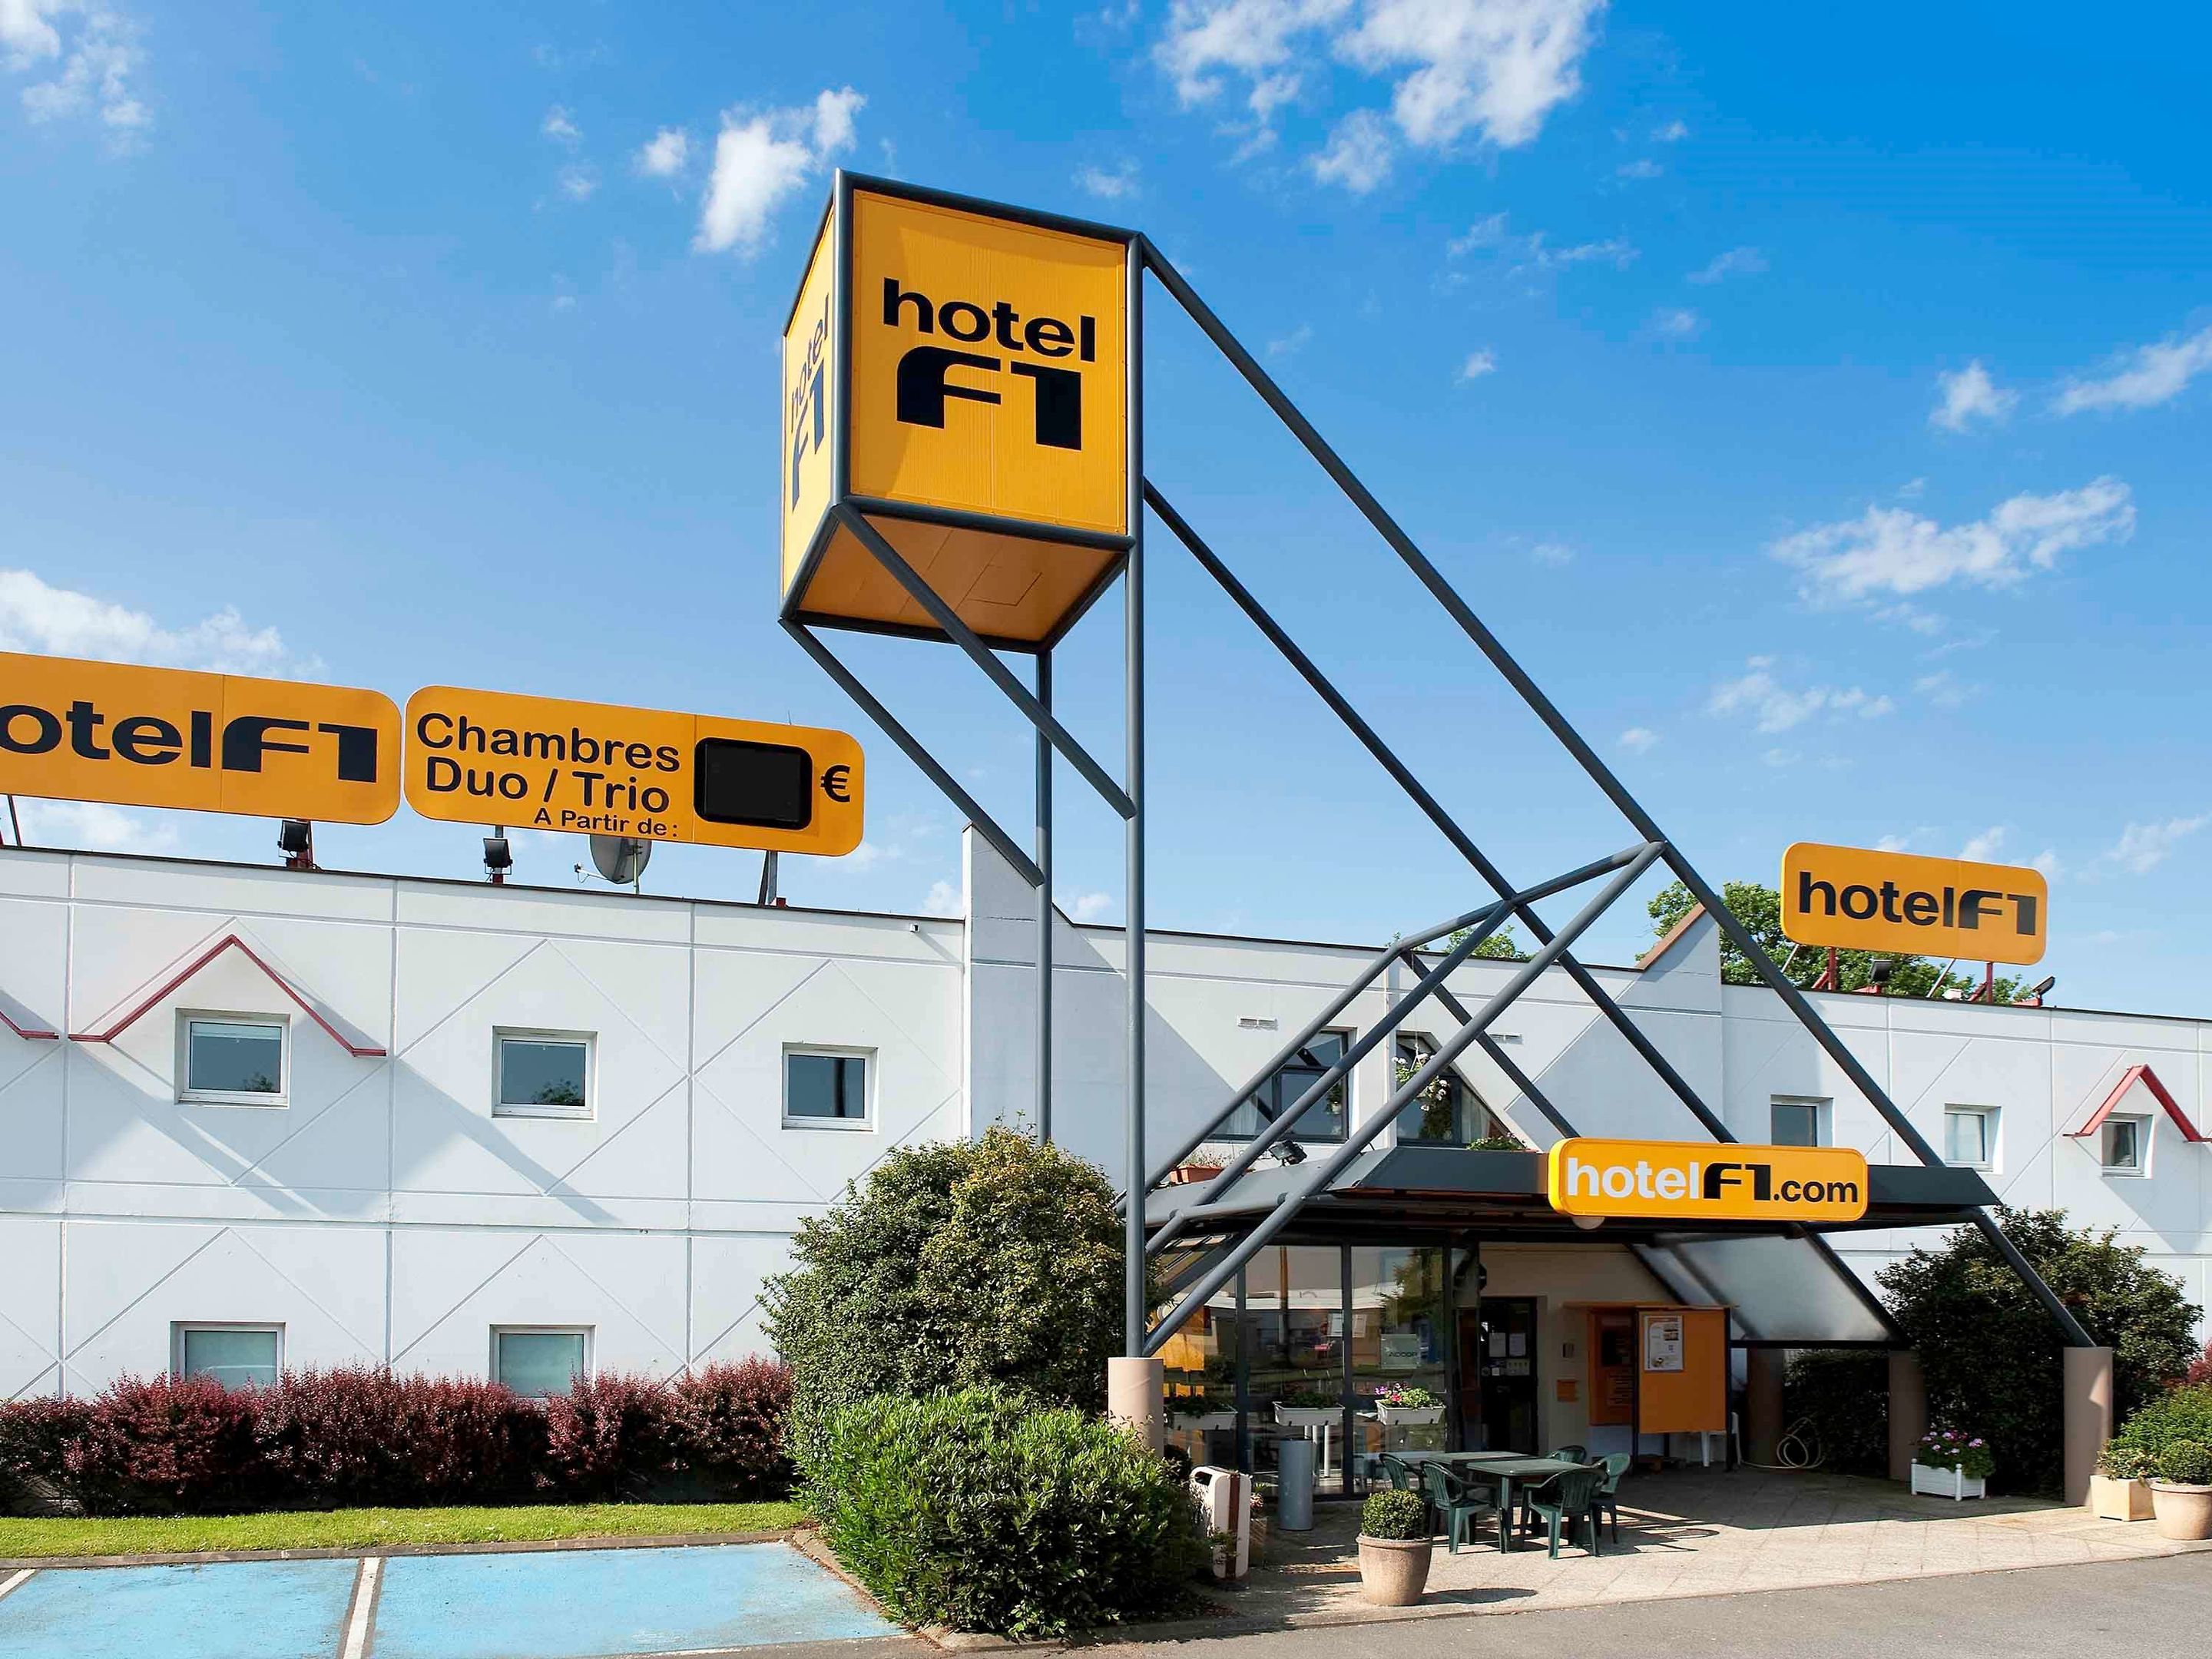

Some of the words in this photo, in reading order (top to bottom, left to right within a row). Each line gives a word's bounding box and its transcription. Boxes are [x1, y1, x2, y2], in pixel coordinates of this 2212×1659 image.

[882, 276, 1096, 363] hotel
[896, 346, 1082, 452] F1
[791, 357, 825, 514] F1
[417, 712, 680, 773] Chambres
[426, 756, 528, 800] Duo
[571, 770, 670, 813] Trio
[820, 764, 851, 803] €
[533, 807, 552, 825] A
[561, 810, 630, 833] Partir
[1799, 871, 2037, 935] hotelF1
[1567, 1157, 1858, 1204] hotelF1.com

------------------------------------------------

Everything in the entries except the images must be copied exactly.

▸ **Response box**:
Some of the words in this photo, in reading order (top to bottom, left to right within a row). Each line gives a word's bounding box and its transcription. Boxes are [x1, y1, x2, y2], in pixel coordinates of this 2212×1659 image.

[882, 276, 1096, 363] hotel
[896, 346, 1082, 452] F1
[791, 357, 825, 514] F1
[417, 712, 680, 773] Chambres
[426, 756, 528, 800] Duo
[571, 770, 670, 813] Trio
[820, 764, 851, 803] €
[533, 807, 552, 825] A
[561, 810, 630, 833] Partir
[1799, 871, 2037, 935] hotelF1
[1567, 1157, 1858, 1204] hotelF1.com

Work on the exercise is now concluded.